Imagine a CEO facing plummeting revenues and shrinking budgets. Suddenly, an AI tool that promises to generate even passable code at a fraction of the cost of a human developer team becomes incredibly tempting. It doesn’t have to be perfect. It just has to be good enough to keep the lights on.

This isn’t about long-term elegance or maintainability. It’s about short-term survival. Companies will be willing to accept:

  • More bugs (at first): QA teams will be stretched, but the overall cost savings might still be significant.
  • Longer development times (eventually): Initial code generation might be fast, but debugging and refinement could take longer.
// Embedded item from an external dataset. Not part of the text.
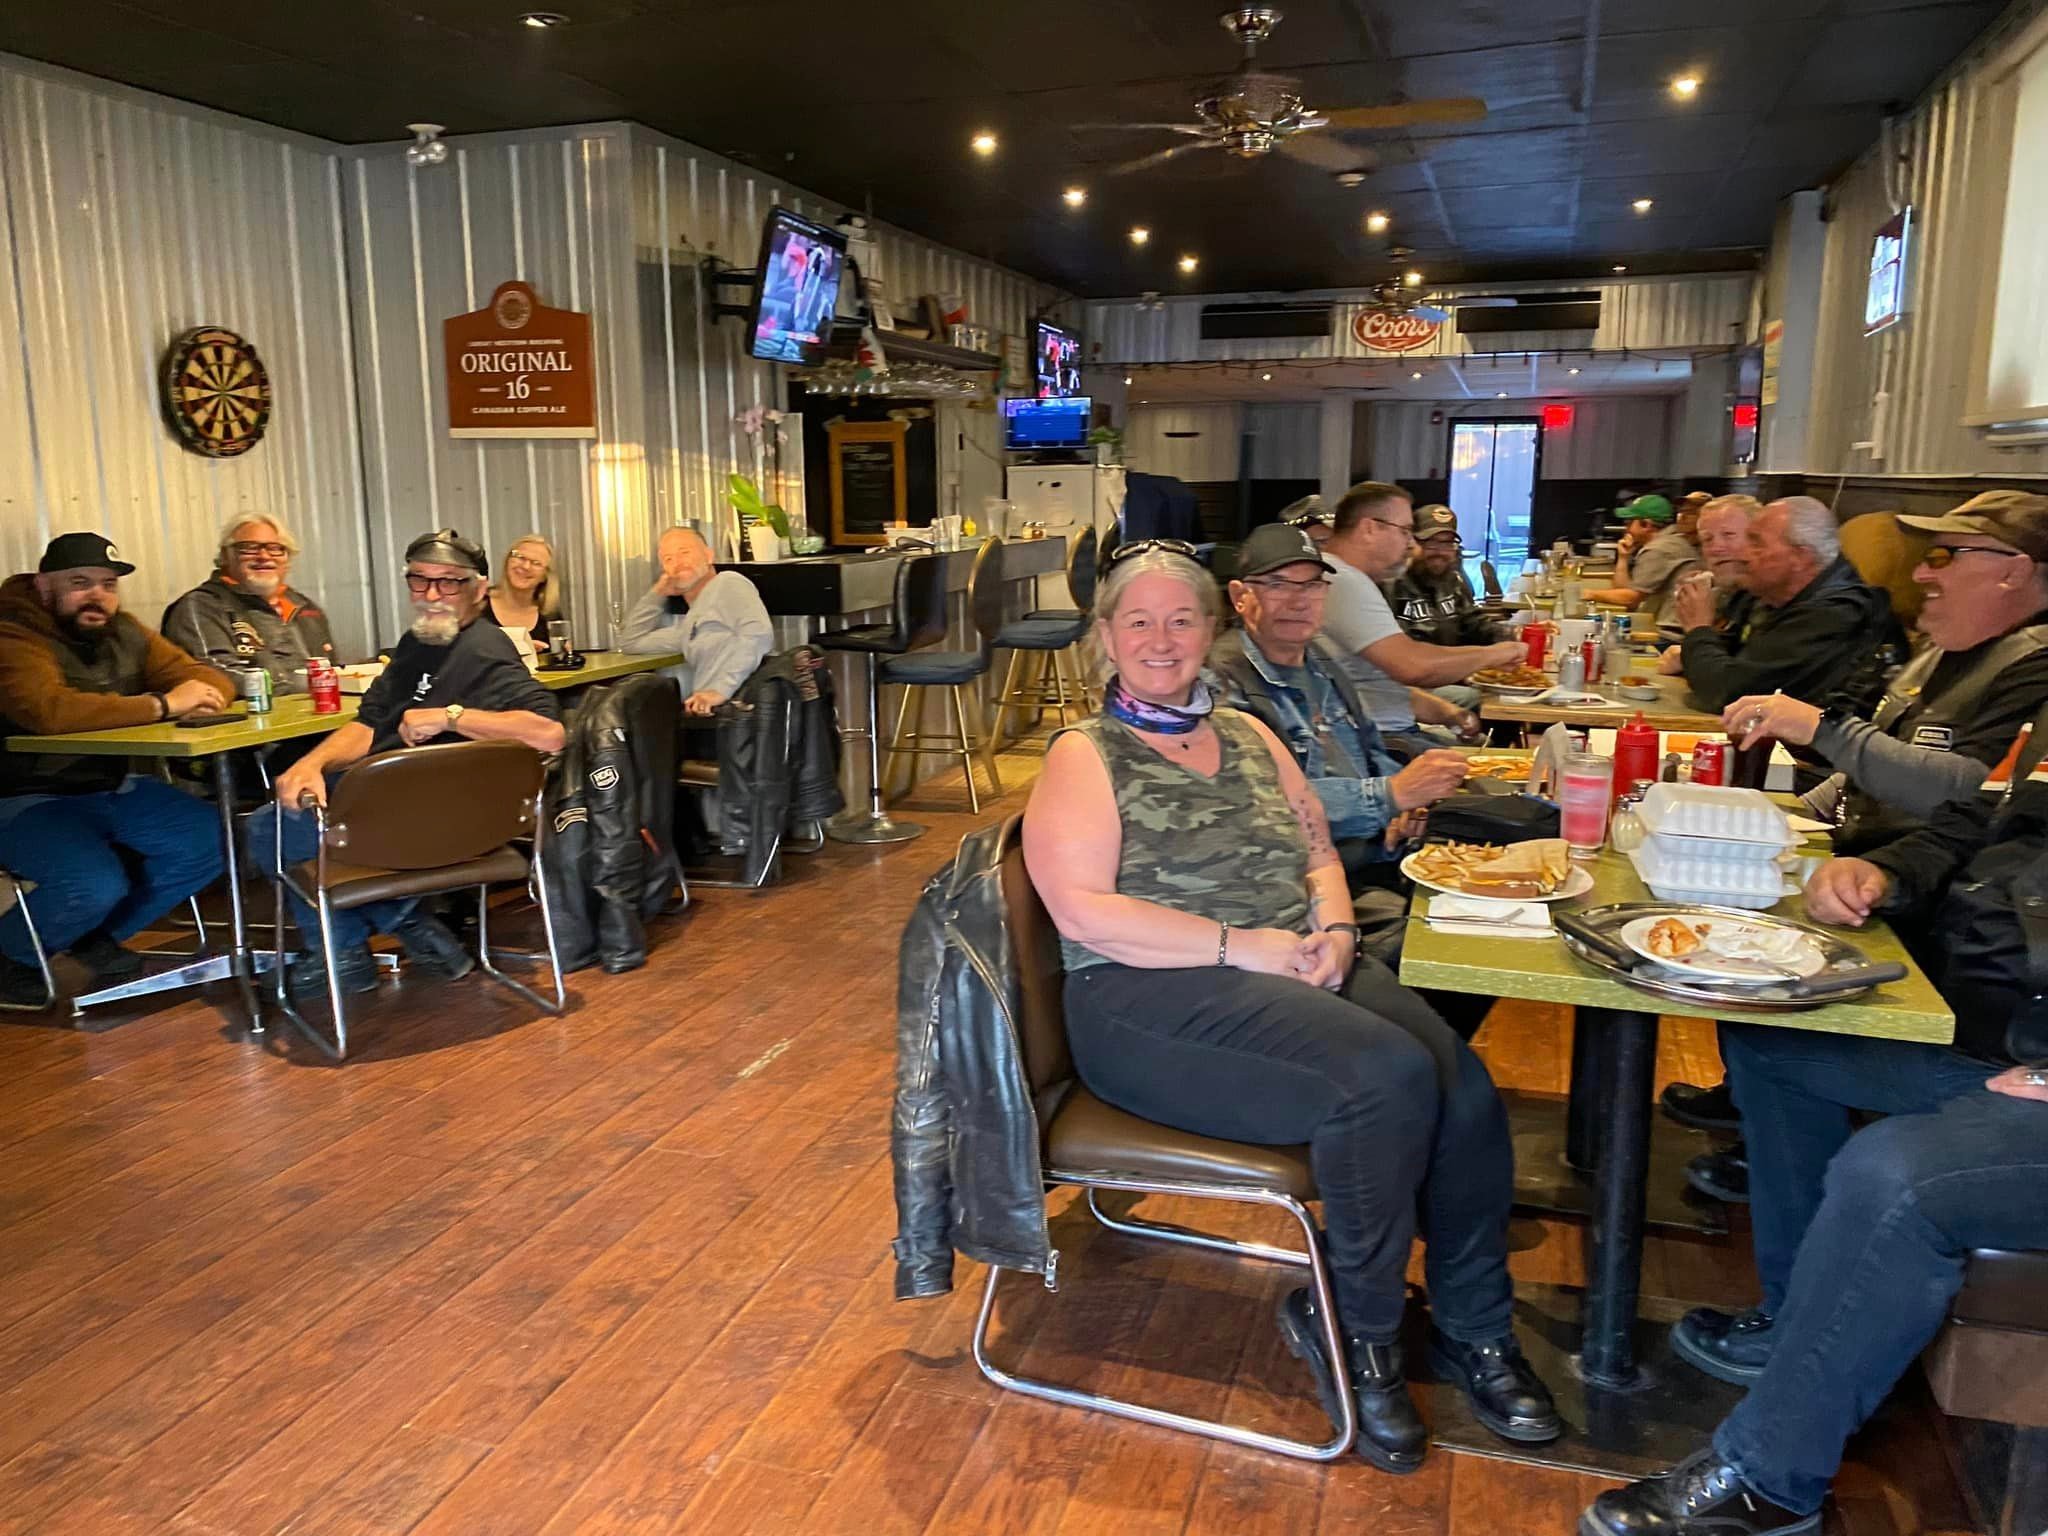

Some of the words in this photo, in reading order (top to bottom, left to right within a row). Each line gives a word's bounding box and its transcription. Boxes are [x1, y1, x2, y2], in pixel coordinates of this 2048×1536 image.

[1363, 313, 1431, 338] Coors
[461, 351, 572, 373] ORIGINAL
[505, 374, 530, 399] 16
The bottom line is what matters.
  • “Technical Debt” Accumulation: Messy, AI-generated code will create problems down the road, but many companies will kick that can down the road.
  • Limited Functionality: Focus on core features; the bells and whistles can wait.

This “good enough” mentality will drive a rapid adoption curve. Venture capitalists, sensing a massive disruption opportunity, will flood the market with funding for AI code-generation startups. The race to the bottom will be on.
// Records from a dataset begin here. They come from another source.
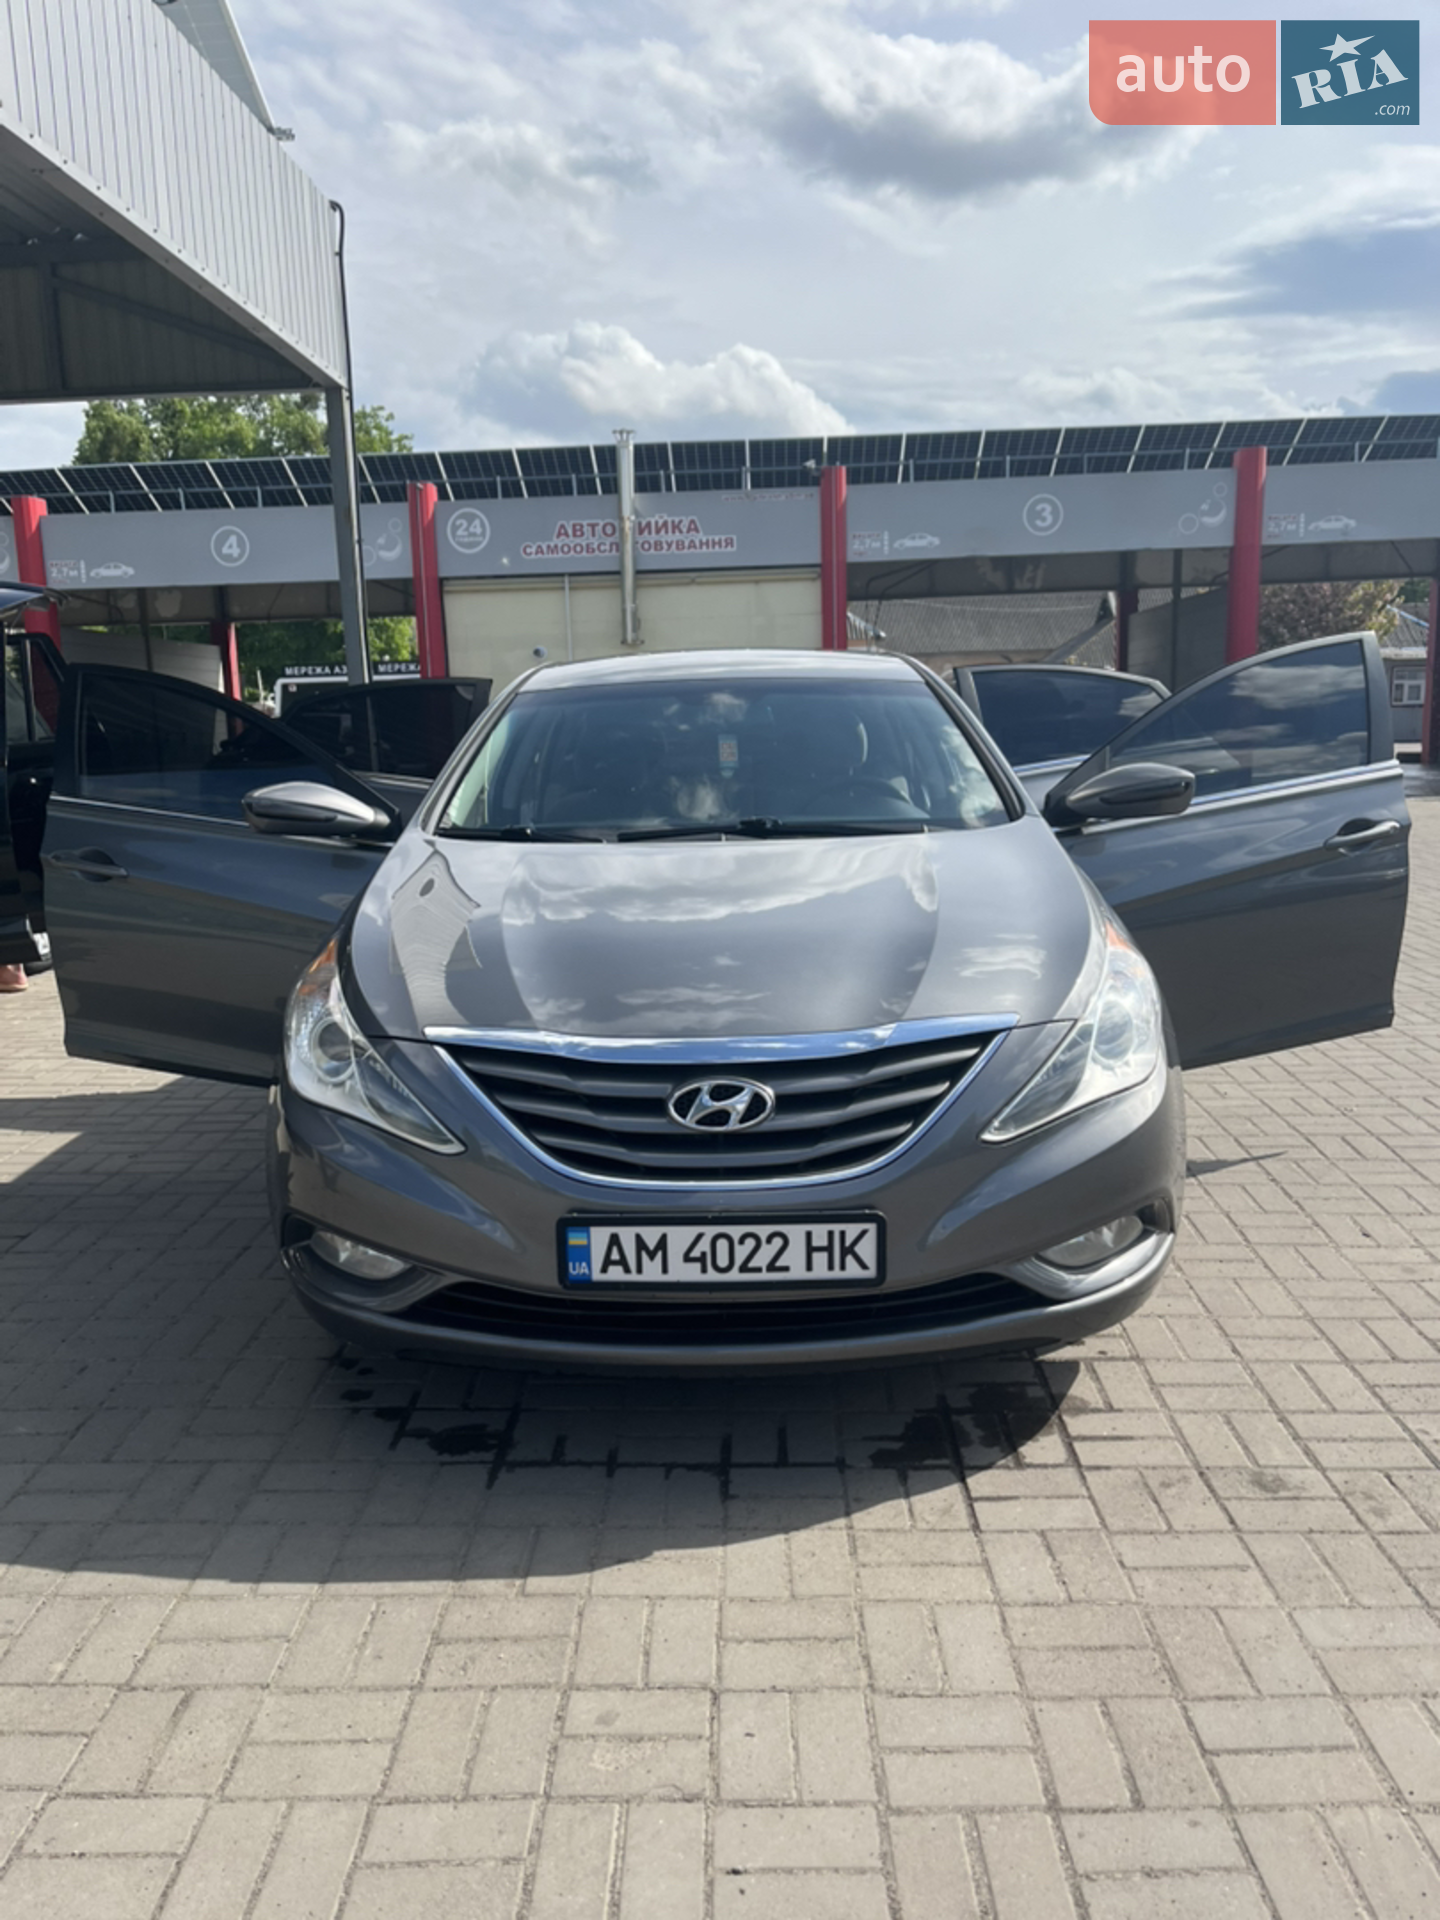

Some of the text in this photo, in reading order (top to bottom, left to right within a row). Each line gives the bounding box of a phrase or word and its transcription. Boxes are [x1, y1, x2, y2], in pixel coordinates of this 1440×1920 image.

[455, 518, 483, 536] 24
[1035, 503, 1053, 527] 3
[555, 515, 701, 540] АВТОИЙКА
[222, 534, 241, 558] 4
[284, 665, 331, 676] МЕРЕЖА
[600, 1228, 871, 1275] AM 4022 HK
[569, 1261, 590, 1275] UA
The Developer Job Market: A Looming Storm

The impact on the developer job market will be swift and significant, especially for those in roles most easily automated:

  • Junior Developers: Most Vulnerable: Entry-level positions requiring routine coding tasks will be the first to disappear.
  • Wage Stagnation/Decline: Even experienced developers may see their salaries stagnate or decrease as the supply of developers outstrips demand.
  • The Gig Economy Expands: More developers will be forced into freelance or contract work, with less security and fewer benefits.
  • Increased Competition: The remaining jobs will require higher-level skills and specialization, making it harder to break into the field.

The “Retraining Myth” and the Rise of the AI Architect

Yes, there will be talk of retraining. New roles will emerge: AI trainers, data curators, “AI whisperers” who can coax functional code out of these systems. But let’s be realistic:

  • Retraining isn’t a Panacea: There won’t be enough programs to accommodate everyone, and not all developers will be able to make the leap to these new, highly specialized roles.
  • Ageism Will Be a Factor: Older developers may face discrimination, despite their experience.
  • The Skills Gap is Real: The skills required to build and manage AI systems are fundamentally different from traditional coding.

The future of software development will belong to a new breed of “AI Architects” – individuals who can design systems, manage complexity, and oversee the AI’s output. But this will be a smaller, more elite group.

The Trough of Disillusionment (and Beyond)

It won’t be smooth sailing. Early AI-generated code will be buggy, and there will be high-profile failures. Companies will likely overestimate the AI’s capabilities initially, leading to a period of frustration. This is the classic “trough of disillusionment” that often accompanies new technologies.

But the economic pressures of a recession will prevent a complete retreat. Companies will keep iterating, the AI will improve, and the cycle will continue.

What Can You Do?

This isn’t a call to despair, but a call to awareness. If you’re a developer, here’s what you should be thinking about:

  1. Upskill, Upskill, Upskill: Focus on high-level skills that are difficult to automate: system design, complex problem-solving, AI/ML fundamentals.
  2. Embrace the Change: Don’t resist the AI revolution; learn to work with it. Experiment with existing AI coding tools.
  3. Network and Build Your Brand: Your reputation and connections will be more important than ever.
  4. Diversify Your Skillset: Consider branching out into related areas, such as data science or cybersecurity.
  5. Stay Agile: Be prepared to adapt and learn continuously. The only constant in this future is change.

The Bottom Line:

The AI-powered future of software development isn’t a distant fantasy. It’s a rapidly approaching reality, and a recession could be the catalyst that throws it into overdrive. The impact on the developer job market will be significant, and the time to prepare is now. Don’t wait for the downturn to hit – start adapting today. The future of coding is changing, and it’s changing fast.